Ribeiro também afirma que a decisão é tecnicamente equivocada, “o juiz não pode delegar contra apenas por discordar da lei. Isso é inválido, deve haver fundamentação. O que ele tem liberdade de convencimento é: existe ou não fraude ou vício de vontade. O acordo é nulo, porque a parte não sabe o que está assinando”.
Alexandre de Almeida Cardoso, sócio na área trabalhista do Tozzini Freire Advogados, pensa de forma semelhante. “O procedimento deste acordo extrajudicial deixa muito claro que cada parte vai ter um advogado. Então, afasta a crítica de que o trabalhador é uma parte vulnerável em relação ao empregador”, opina o advogado.
A quitação geral, afirma Cardoso, é uma própria previsão da lei, que deveria trazer segurança jurídica ao empregador depois da negociação das condições do acordo. “Quando o juiz suprime cláusulas do acordo, no meu entendimento, está mudando o que foi consentido entre as partes”, critica.
A tendência para o futuro, aponta Cardoso, é que a Justiça Trabalhista passe a aplicar a norma sobre os acordos extrajudiciais da maneira como está prevista, já que o Superior Tribunal de Justiça já tem ao menos uma decisão em que homologa a quitação geral de acordo extrajudicial. Fonte: JOTA
Opinião
A decisão singular, confirmada pelo TRT4, é totalmente descabida, viola a vontade das partes, viola a previsão legal do acordo extrajudicial e, pior, busca esvaziar essa modalidade de solução de conflito.

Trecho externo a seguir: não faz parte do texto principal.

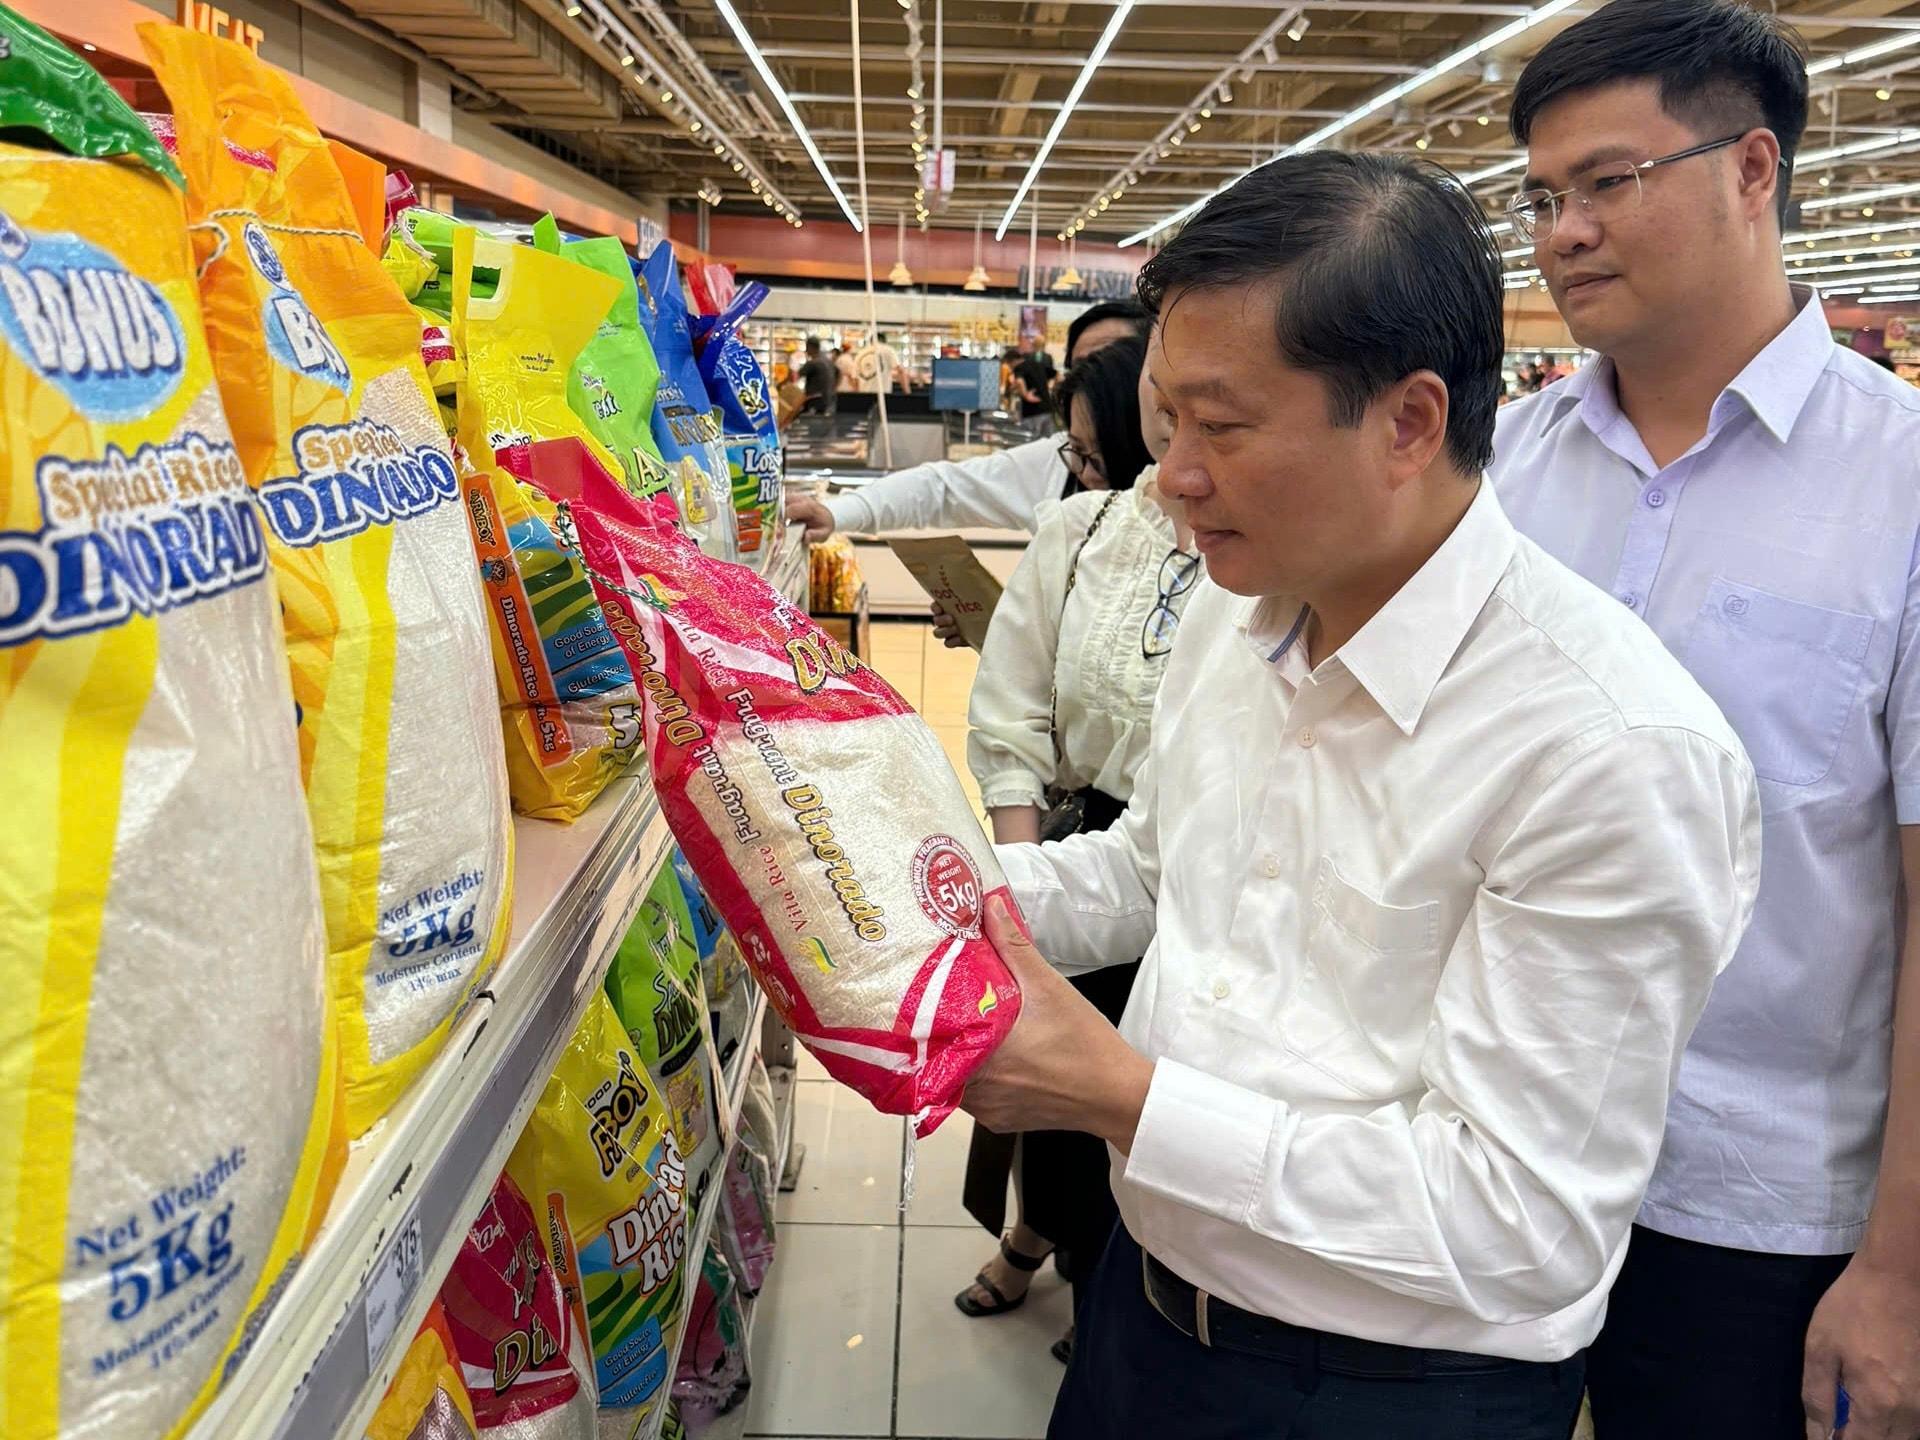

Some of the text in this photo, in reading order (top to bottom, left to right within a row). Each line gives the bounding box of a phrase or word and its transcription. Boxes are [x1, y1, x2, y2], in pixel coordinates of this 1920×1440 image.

A decisão gera insegurança jurídica, pois as partes, através da quitação total do contrato de trabalho estariam cientes da efetiva conclusão de qualquer imbróglio. Agora, ao afastar a quitação integral por meio de acordo extrajudicial, a decisão desnatura a ideia de solução definitiva, fazendo com que a opção pelo ajuizamento de reclamatória trabalhista com posterior acordo em audiência volte a ser caminho mais seguro, todavia, mais caro, mais demorado, mais custos para todos.
TST
Segundo a 4ª Turma do TST, ao avaliar um recurso sobre o tema , um magistrado não pode fazer a homologação parcial – ratificar apenas parte do acordo, caso não considere válidos alguns itens, mesmo quando empregador e empregado tenham se entendido.
Pela decisão, o magistrado deve validar ou recursar integralmente o acordo. Uma homologação parcial permitiria ao trabalhador, por exemplo, mesmo com o acordo extrajudicial avalizado pela Justiça do Trabalho, entrar posteriormente com uma ação trabalhista.
Acórdão relatado pelo ministro Ives Gandra da Silva Martins Filho muda entendimento de primeira instância e do Tribunal Regional do Trabalho de São Paulo (TRT-2). O caso concreto envolve uma trabalhadora e uma empresa do setor farmacêutico. A Corte regional afirma que esse acerto “não se reveste de validade”. De acordo com o TRT-2, foi apontada apenas uma quantia global de indenização. Teria faltado, portanto, segundo o tribunal paulista, a especificação de cada verba.